Peter was diagnosed with Non-Hodgkins Lymphoma in October 1993 and received various chemotherapy treatments and a bone marrow transplant at Barts. Each time he had chemotherapy his disease went into remission only to be followed by a fairly swift and widespread relapse but, after his last relapse in October 2002, he has gone on to recover and was given the all-clear by medical team at Barts in December 2005. He is now fully fit and well and enjoying life.
“My treatment at Barts and the Royal London has been incredible. A few years after I was first diagnosed my condition took a serious turn for the worse and I decided on an ill-health retirement option. But, against all the odds, I went on to make a full recovery and am now able to enjoy life with my wonderful family to the full. I am delighted to hear about this new Centre which will help other people beat their cancer like I have.
“I thought I’d celebrate my recovery and second chance at life and ran my sixth London Marathon in 2009 – seven marathons so far! I also have cycled across China, and 600 miles through Vietnam's mountainous Northern territory – as well as John O’Groats to Lands End in 2007 to raise money for - and to say thank you - to the hospice that helped save my life and looked after me while I was terminally ill – raising over £55,000.
“My job with Cancer Research UK reflects my own personal journey with the disease and takes me back to where things are most important, and where I feel I can make the most difference and impact. I love being part of our charity that’s helping to save so many lives - it feels just great!
“I have two wonderful children, Tom 16 and Holly 14, who helped sustain me when times were difficult. They now know that they needn’t fear cancer and that there is always hope. And I married Elaine in January 2010 after we met at the hospice.”
Professor John Gribben, consultant haematologist and medical oncologist at Barts and The London NHS Trust, said: “The Centre will bring together world-class research and clinical delivery to push the boundaries in understanding cancer. This in turn will lead to preventing disease and developing better diagnostic techniques and treatments.
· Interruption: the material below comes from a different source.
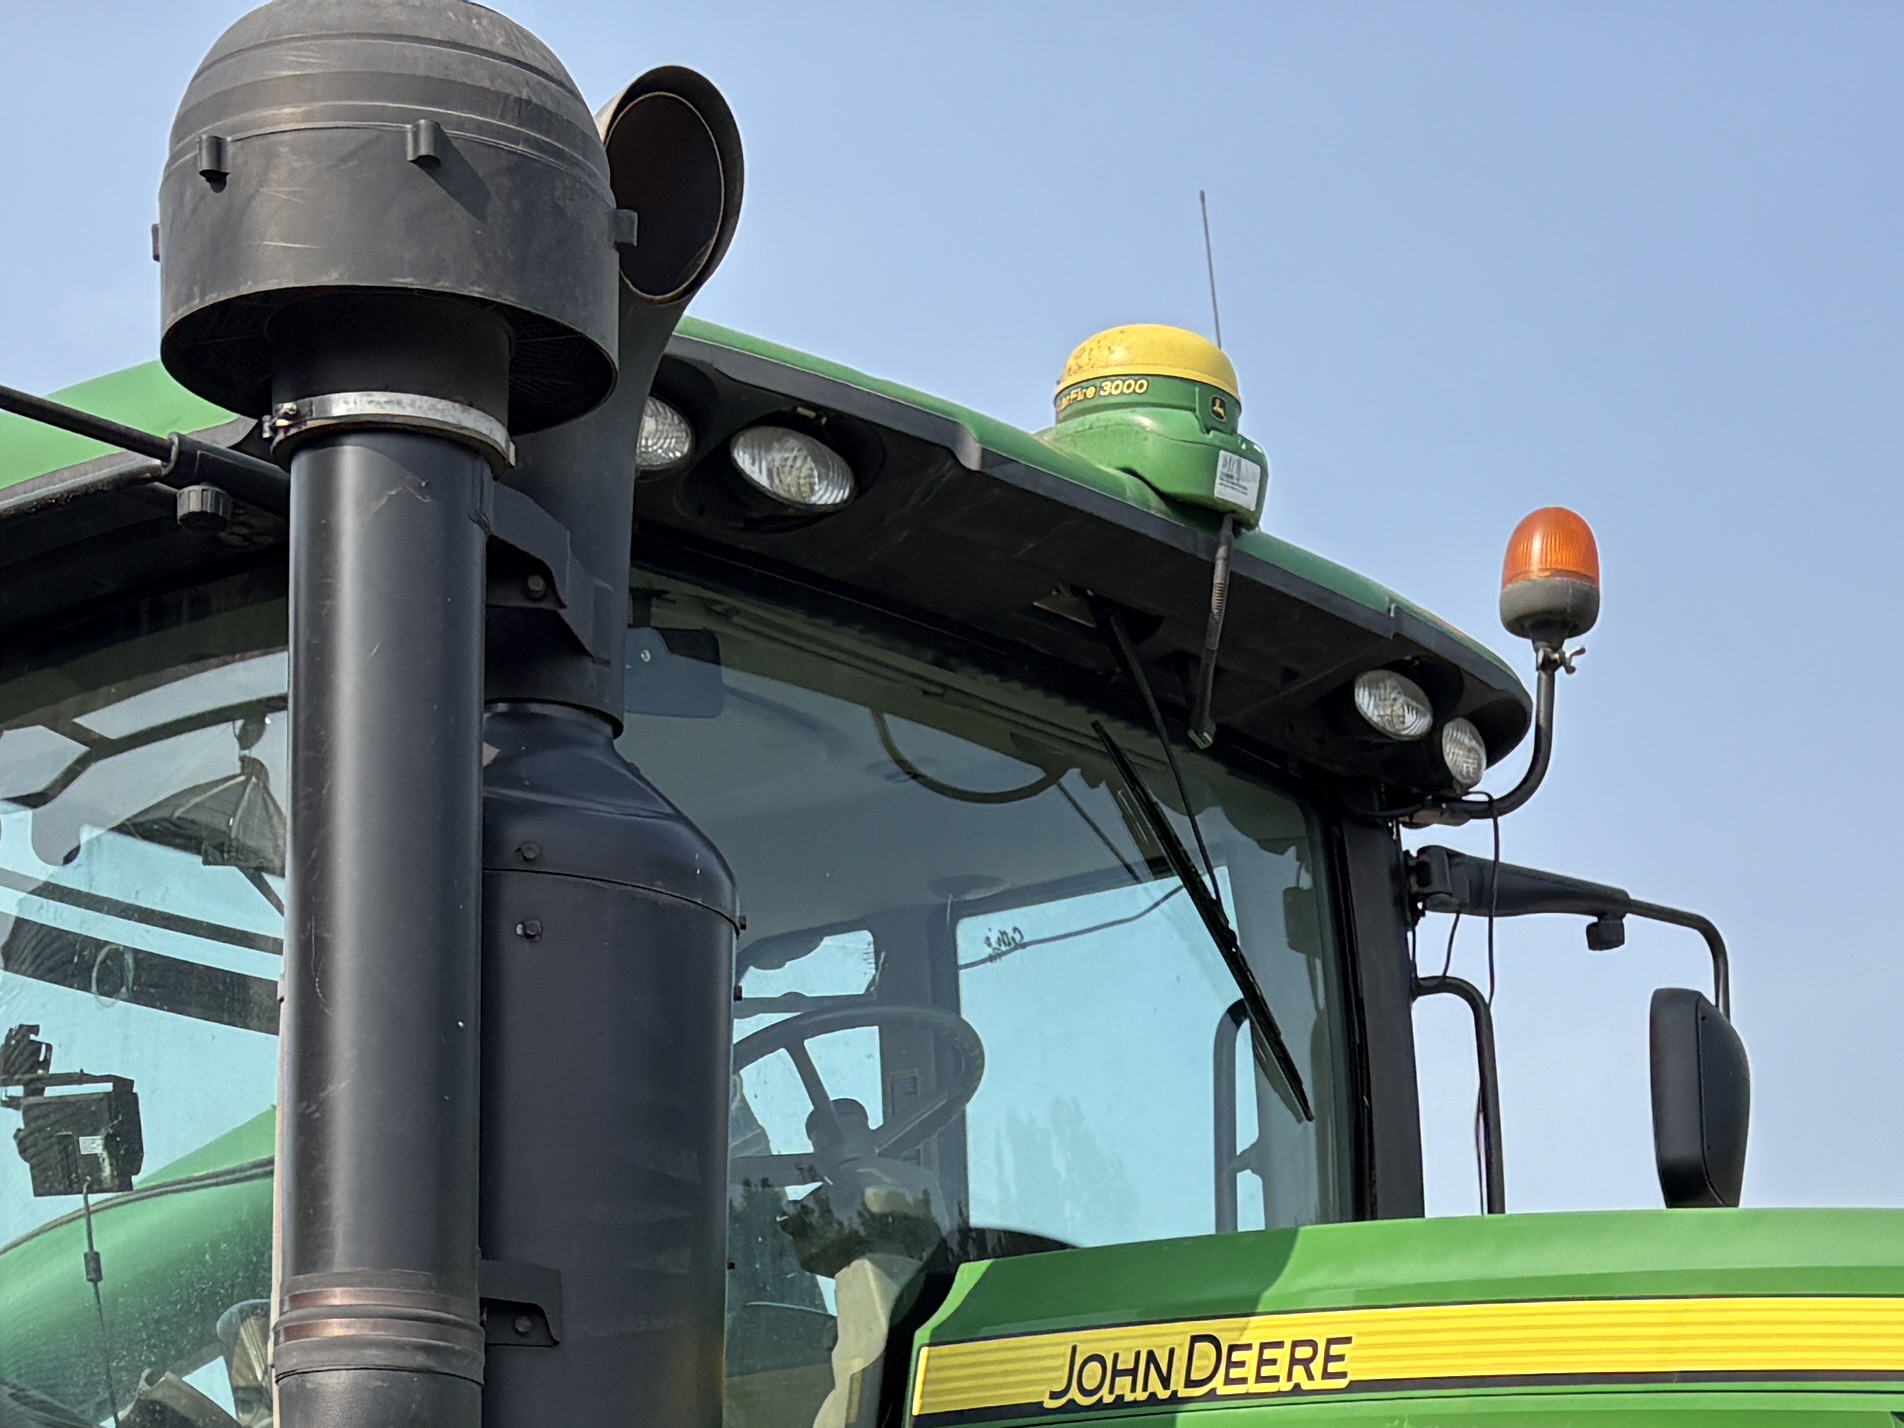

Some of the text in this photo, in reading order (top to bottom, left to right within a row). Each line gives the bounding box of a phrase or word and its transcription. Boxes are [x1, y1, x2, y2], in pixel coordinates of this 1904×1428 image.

[1099, 379, 1148, 396] 3000
[1048, 1333, 1353, 1402] JOHN DEERE
Ultimately this will improve cancer survival and enhance the quality of life for those with long-term disease.”
Harpal Kumar, chief executive of Cancer Research UK, said: "Funding these centres of excellence is one of the charity's priorities and will enable us to work towards the goals we have set to improve the treatment and survival of cancer patients.
“We’re able to launch this new centre thanks to the generous donations of our supporters but we need their continued support if we are to build on what we have started today.”
Cancer Research UK spent more than £12M on cancer research at Queen Mary University of London in 2008/2009.